In your copy, reproduce the entries exactly as they are, minus the images.

________________________

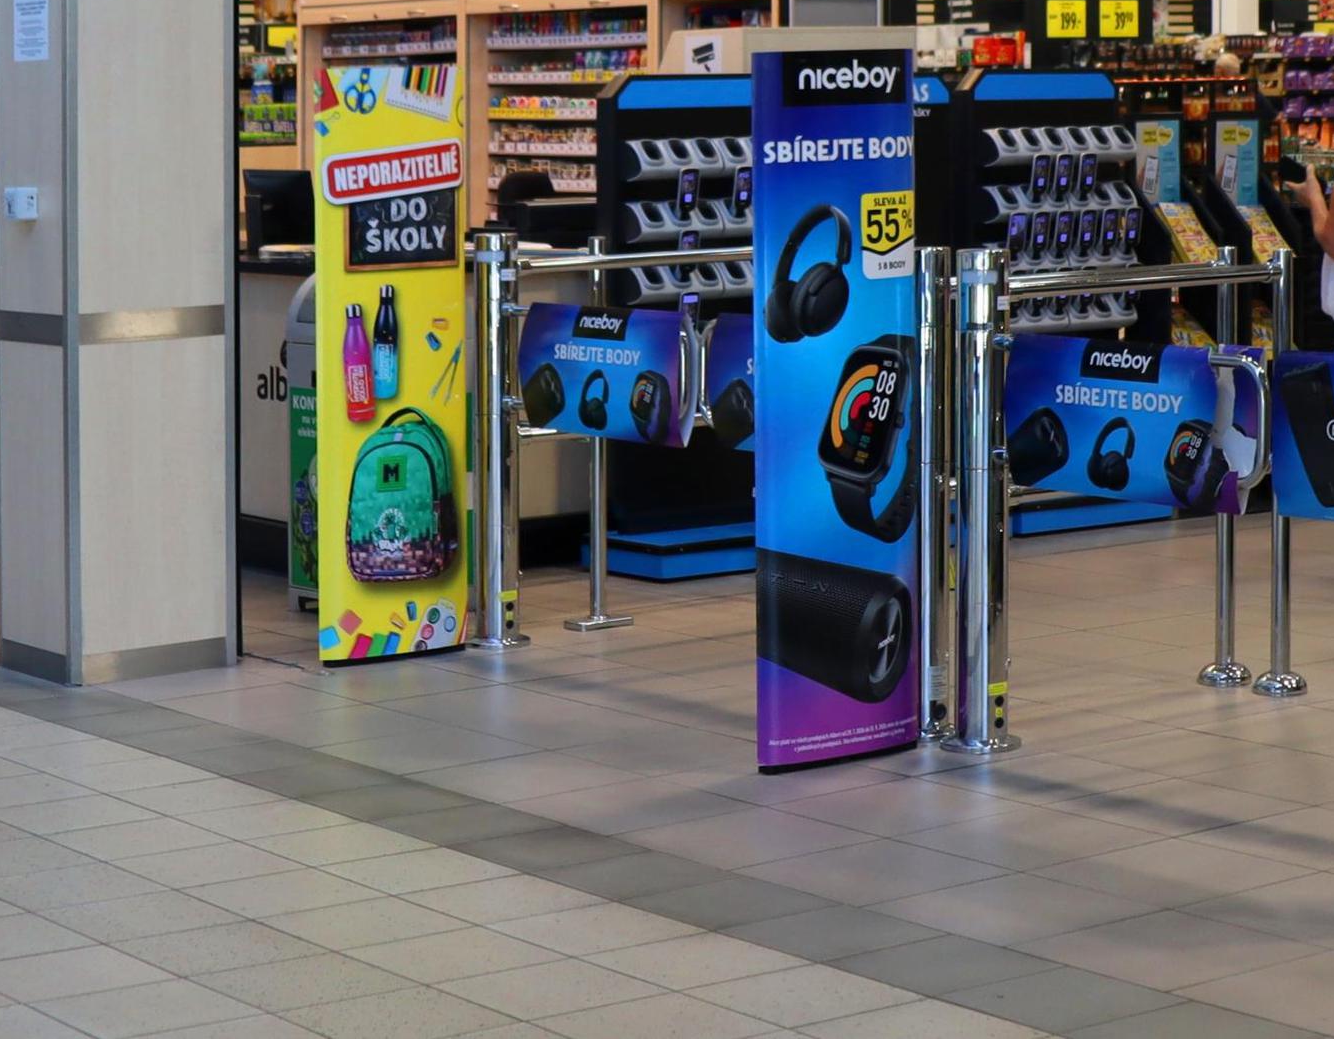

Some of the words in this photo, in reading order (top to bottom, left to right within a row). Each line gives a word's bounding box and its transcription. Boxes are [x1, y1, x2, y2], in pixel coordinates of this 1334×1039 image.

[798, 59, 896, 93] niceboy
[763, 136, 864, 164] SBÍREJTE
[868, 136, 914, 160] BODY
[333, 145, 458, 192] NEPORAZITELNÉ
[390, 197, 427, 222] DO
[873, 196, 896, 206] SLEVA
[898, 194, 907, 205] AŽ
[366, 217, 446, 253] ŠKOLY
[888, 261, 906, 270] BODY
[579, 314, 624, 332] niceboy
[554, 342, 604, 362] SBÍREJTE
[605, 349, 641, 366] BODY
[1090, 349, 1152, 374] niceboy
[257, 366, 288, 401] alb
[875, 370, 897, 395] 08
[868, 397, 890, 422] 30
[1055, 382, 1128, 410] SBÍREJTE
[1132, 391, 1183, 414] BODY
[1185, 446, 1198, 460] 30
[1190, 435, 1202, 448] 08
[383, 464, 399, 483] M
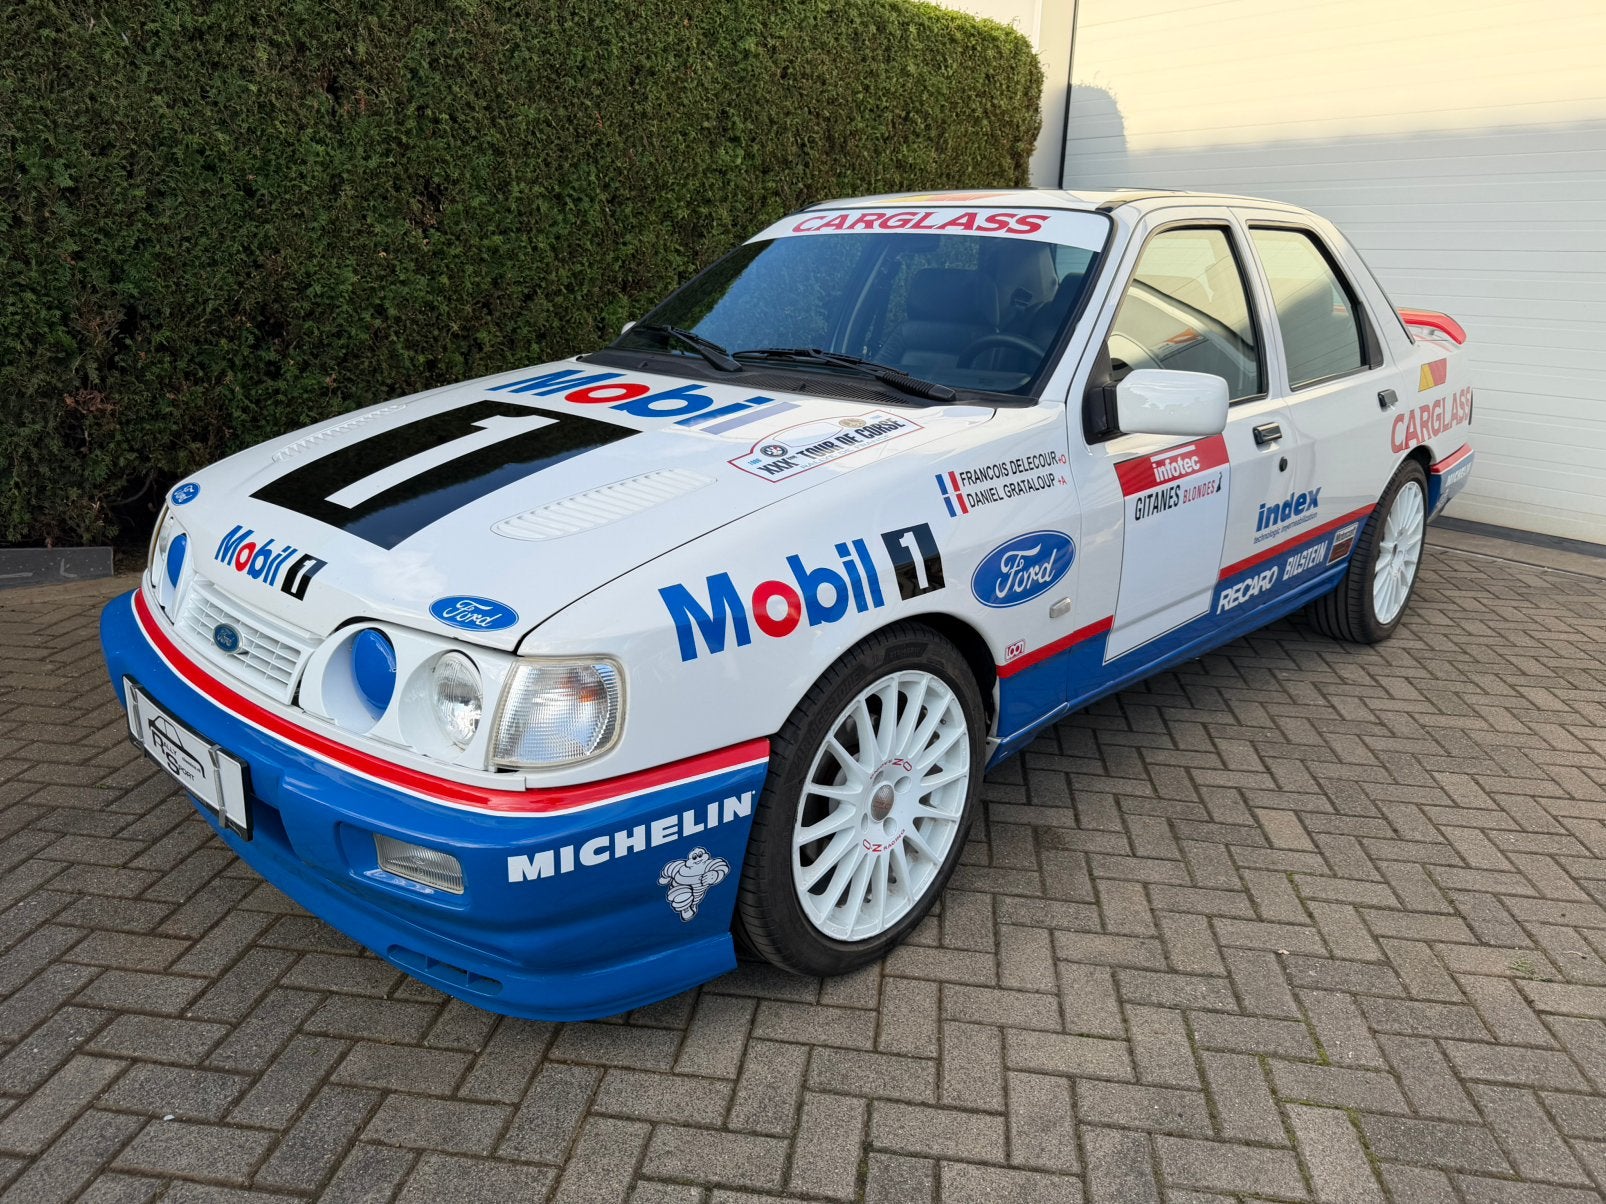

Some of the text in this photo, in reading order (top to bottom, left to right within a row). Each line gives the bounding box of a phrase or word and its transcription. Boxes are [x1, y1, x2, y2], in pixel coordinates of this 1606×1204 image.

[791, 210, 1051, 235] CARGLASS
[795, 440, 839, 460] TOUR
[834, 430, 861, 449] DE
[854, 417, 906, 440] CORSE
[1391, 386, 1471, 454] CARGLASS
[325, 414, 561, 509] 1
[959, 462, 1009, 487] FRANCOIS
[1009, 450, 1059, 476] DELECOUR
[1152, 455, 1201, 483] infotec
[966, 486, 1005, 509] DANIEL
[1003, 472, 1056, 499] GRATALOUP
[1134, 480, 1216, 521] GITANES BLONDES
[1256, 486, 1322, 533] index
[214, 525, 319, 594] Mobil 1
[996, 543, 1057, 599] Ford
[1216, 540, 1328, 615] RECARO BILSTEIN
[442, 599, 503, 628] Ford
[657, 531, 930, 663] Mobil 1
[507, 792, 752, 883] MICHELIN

________________________

• **Solution to the problem**:
Some of the words in this photo, in reading order (top to bottom, left to right within a row). Each line gives a word's bounding box and its transcription. Boxes are [x1, y1, x2, y2], in pixel coordinates of this 1334×1039 image.

[798, 59, 896, 93] niceboy
[763, 136, 864, 164] SBÍREJTE
[868, 136, 914, 160] BODY
[333, 145, 458, 192] NEPORAZITELNÉ
[390, 197, 427, 222] DO
[873, 196, 896, 206] SLEVA
[898, 194, 907, 205] AŽ
[366, 217, 446, 253] ŠKOLY
[888, 261, 906, 270] BODY
[579, 314, 624, 332] niceboy
[554, 342, 604, 362] SBÍREJTE
[605, 349, 641, 366] BODY
[1090, 349, 1152, 374] niceboy
[257, 366, 288, 401] alb
[875, 370, 897, 395] 08
[868, 397, 890, 422] 30
[1055, 382, 1128, 410] SBÍREJTE
[1132, 391, 1183, 414] BODY
[1185, 446, 1198, 460] 30
[1190, 435, 1202, 448] 08
[383, 464, 399, 483] M

Some of the text in this photo, in reading order (top to bottom, left to right within a row). Each line gives the bounding box of a phrase or word and its transcription. Boxes are [x1, y1, x2, y2], in pixel coordinates of this 1606×1204 image.

[791, 210, 1051, 235] CARGLASS
[795, 440, 839, 460] TOUR
[834, 430, 861, 449] DE
[854, 417, 906, 440] CORSE
[1391, 386, 1471, 454] CARGLASS
[325, 414, 561, 509] 1
[959, 462, 1009, 487] FRANCOIS
[1009, 450, 1059, 476] DELECOUR
[1152, 455, 1201, 483] infotec
[966, 486, 1005, 509] DANIEL
[1003, 472, 1056, 499] GRATALOUP
[1134, 480, 1216, 521] GITANES BLONDES
[1256, 486, 1322, 533] index
[214, 525, 319, 594] Mobil 1
[996, 543, 1057, 599] Ford
[1216, 540, 1328, 615] RECARO BILSTEIN
[442, 599, 503, 628] Ford
[657, 531, 930, 663] Mobil 1
[507, 792, 752, 883] MICHELIN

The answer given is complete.